Exercise instructions
Each line from the one bearing "this 1500×1333 image." through the last line of the entries below should be returned exactly, with pictures left out.
- - - -
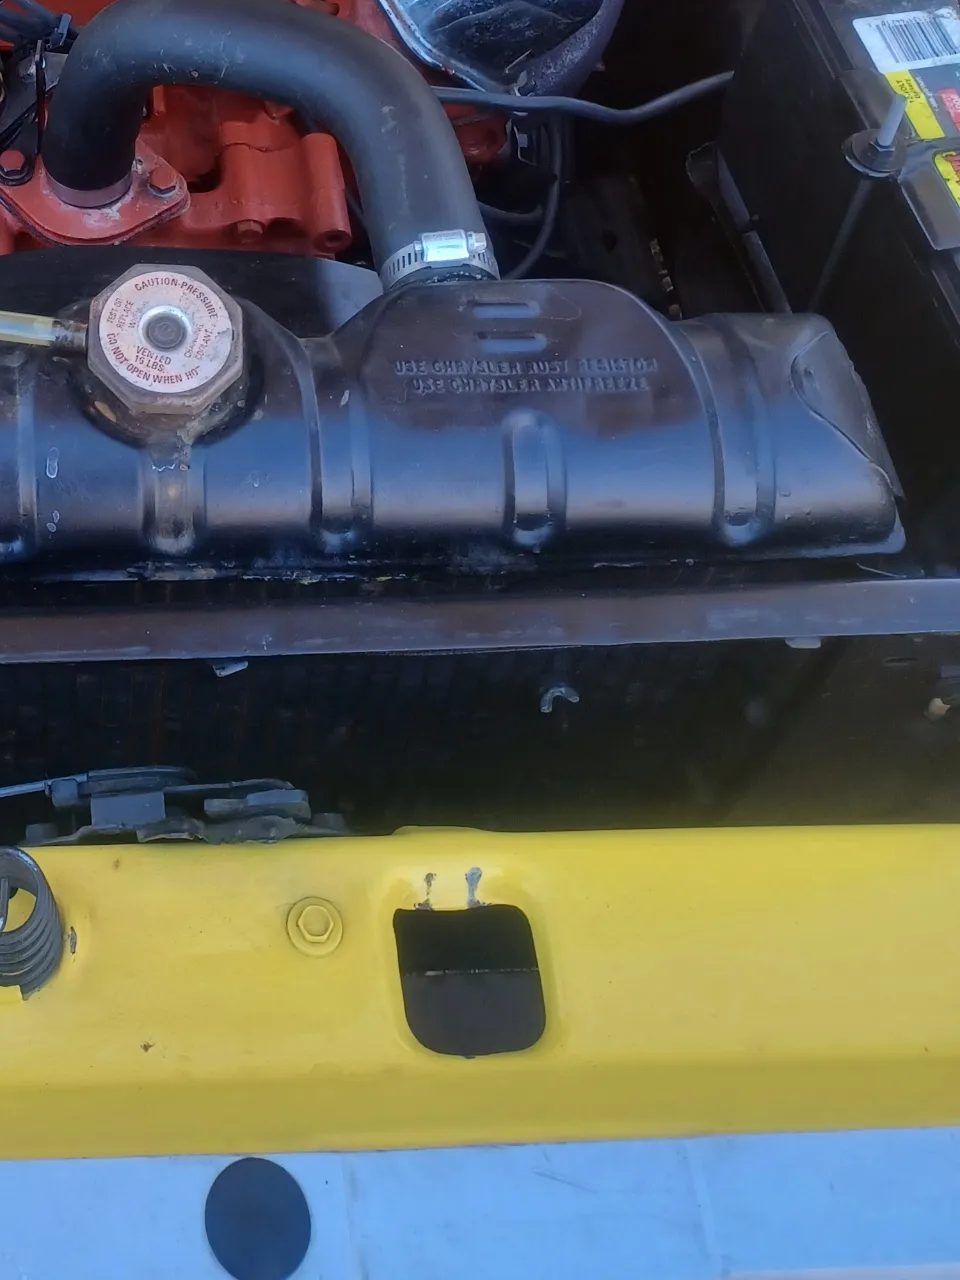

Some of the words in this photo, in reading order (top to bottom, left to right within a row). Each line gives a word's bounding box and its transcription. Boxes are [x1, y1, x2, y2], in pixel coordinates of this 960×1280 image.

[116, 300, 135, 331] REPLACE
[111, 346, 128, 364] NOT
[126, 363, 151, 381] OPEN
[152, 373, 183, 385] WHEN
[431, 358, 521, 377] CHRYSLER
[450, 377, 542, 395] CHRYSLER
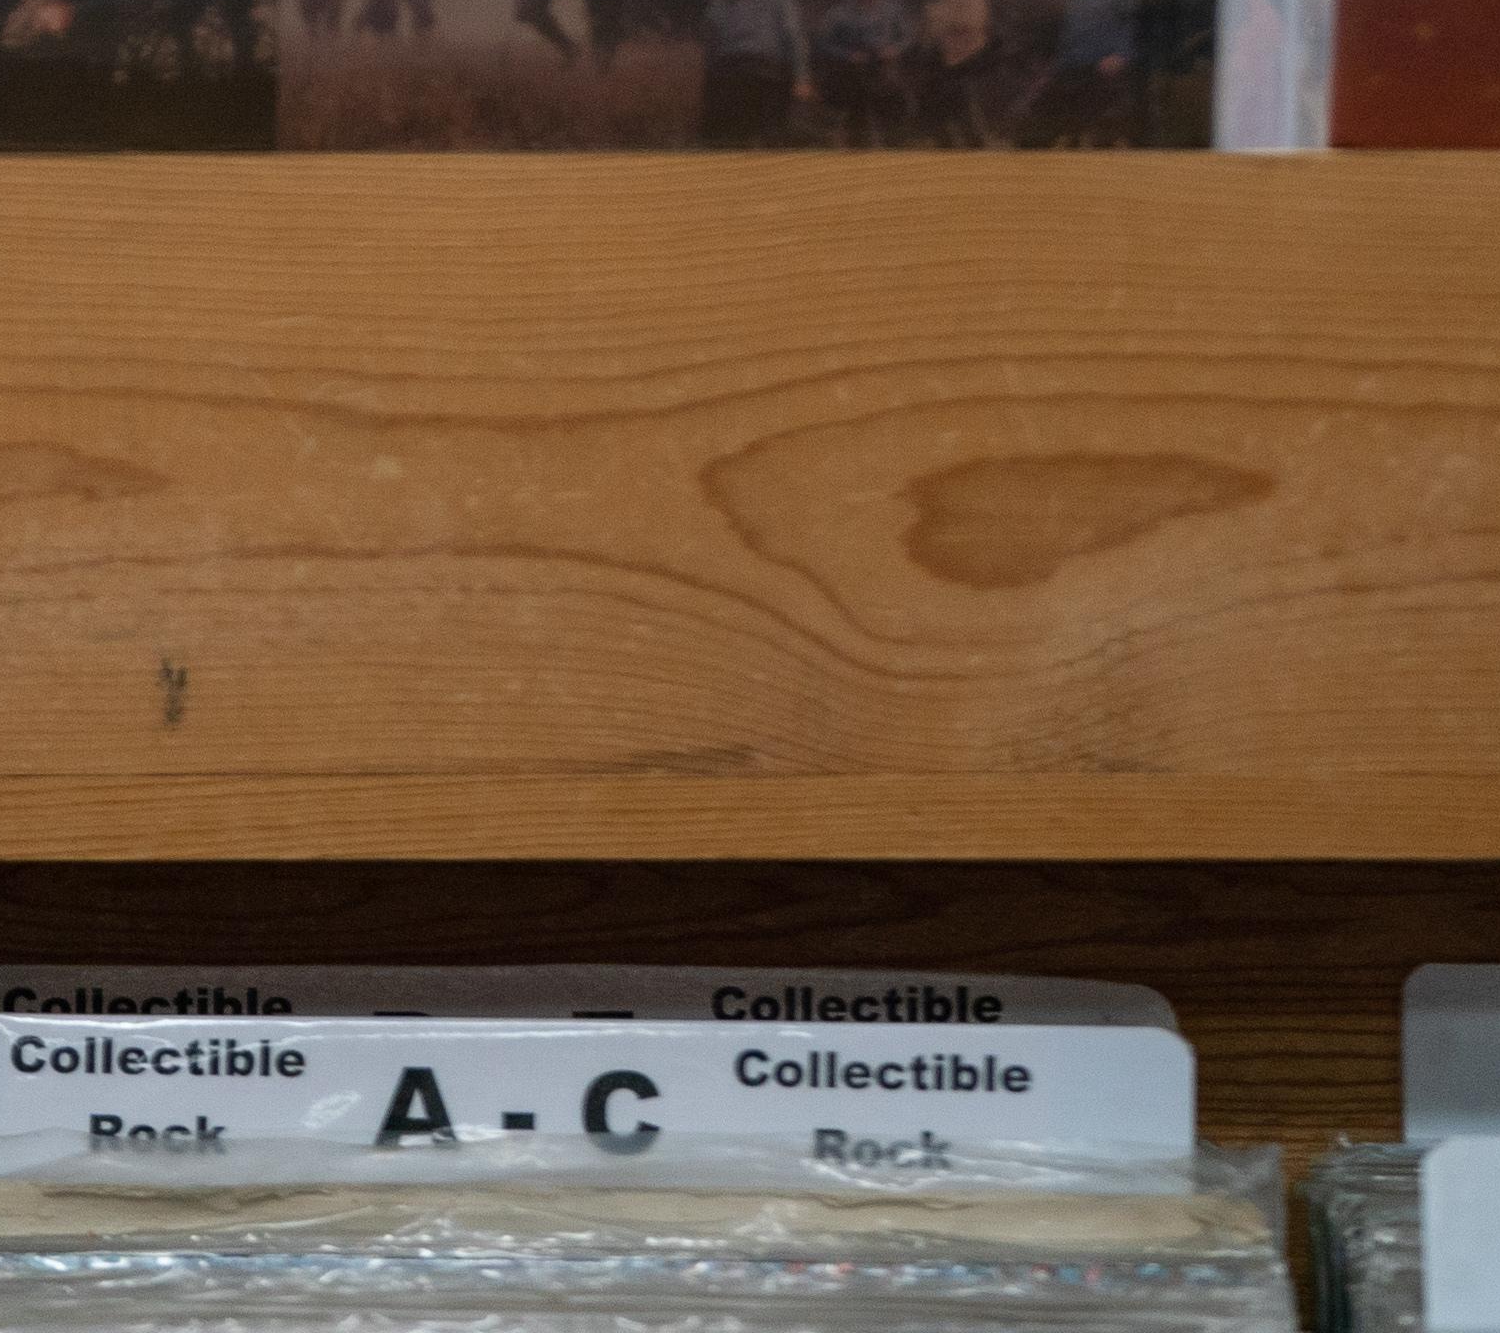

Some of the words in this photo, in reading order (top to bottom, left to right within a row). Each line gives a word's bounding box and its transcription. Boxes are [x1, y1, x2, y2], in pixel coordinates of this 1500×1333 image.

[2, 986, 293, 1015] Collectible
[711, 986, 1002, 1023] Collectible
[10, 1034, 307, 1078] Collectible
[734, 1048, 1031, 1093] Collectible
[375, 1066, 460, 1150] A
[582, 1069, 661, 1155] C
[88, 1113, 227, 1155] Rock
[812, 1128, 951, 1169] Rock
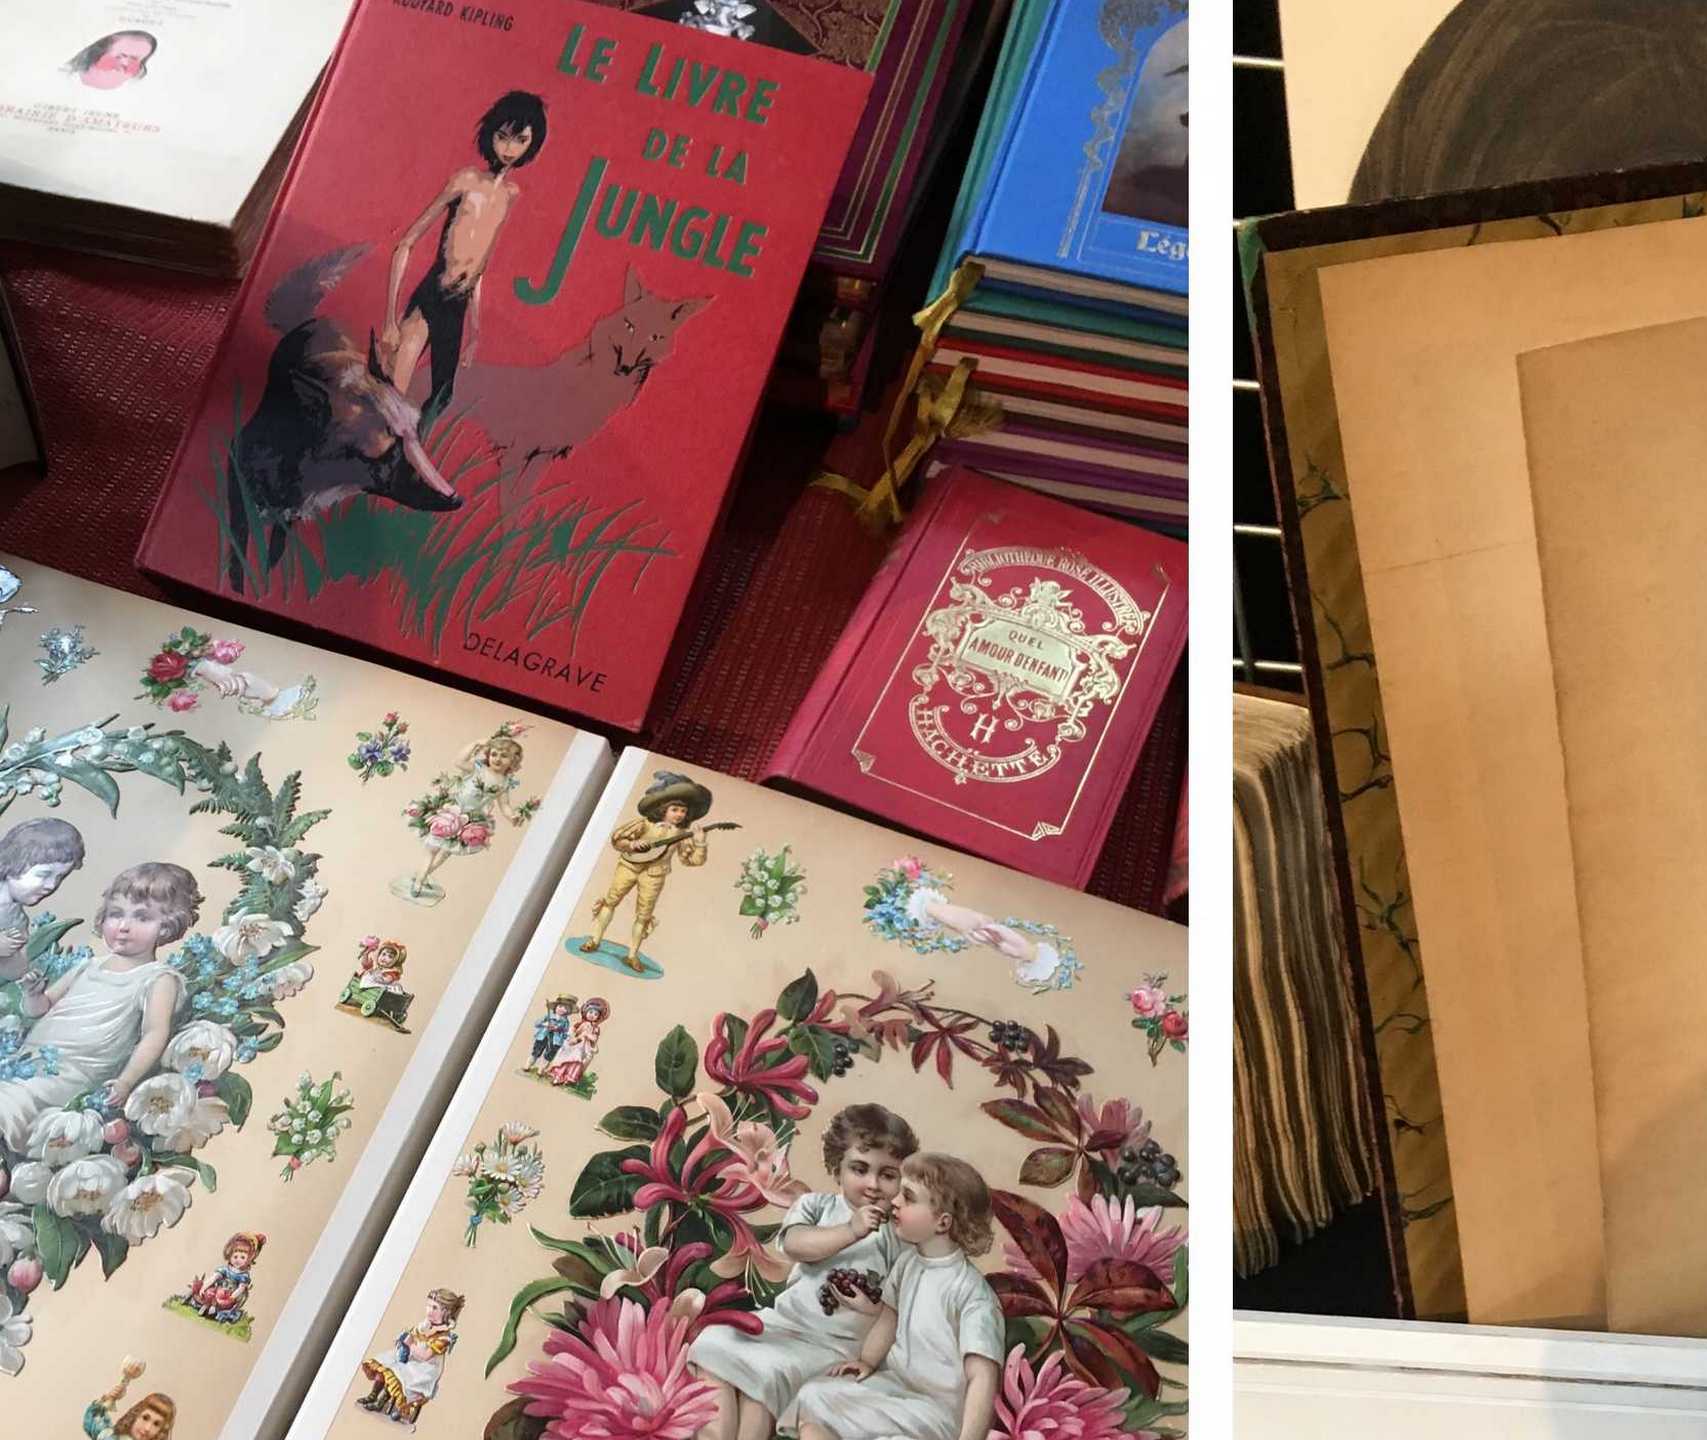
- - - -
Exercise answer
Some of the words in this photo, in reading order (top to bottom, left to right within a row). Each line gives a word's bounding box and its transcription. Boxes are [x1, y1, x2, y2], in pixel coordinates of this 1500×1333 image.

[2, 986, 293, 1015] Collectible
[711, 986, 1002, 1023] Collectible
[10, 1034, 307, 1078] Collectible
[734, 1048, 1031, 1093] Collectible
[375, 1066, 460, 1150] A
[582, 1069, 661, 1155] C
[88, 1113, 227, 1155] Rock
[812, 1128, 951, 1169] Rock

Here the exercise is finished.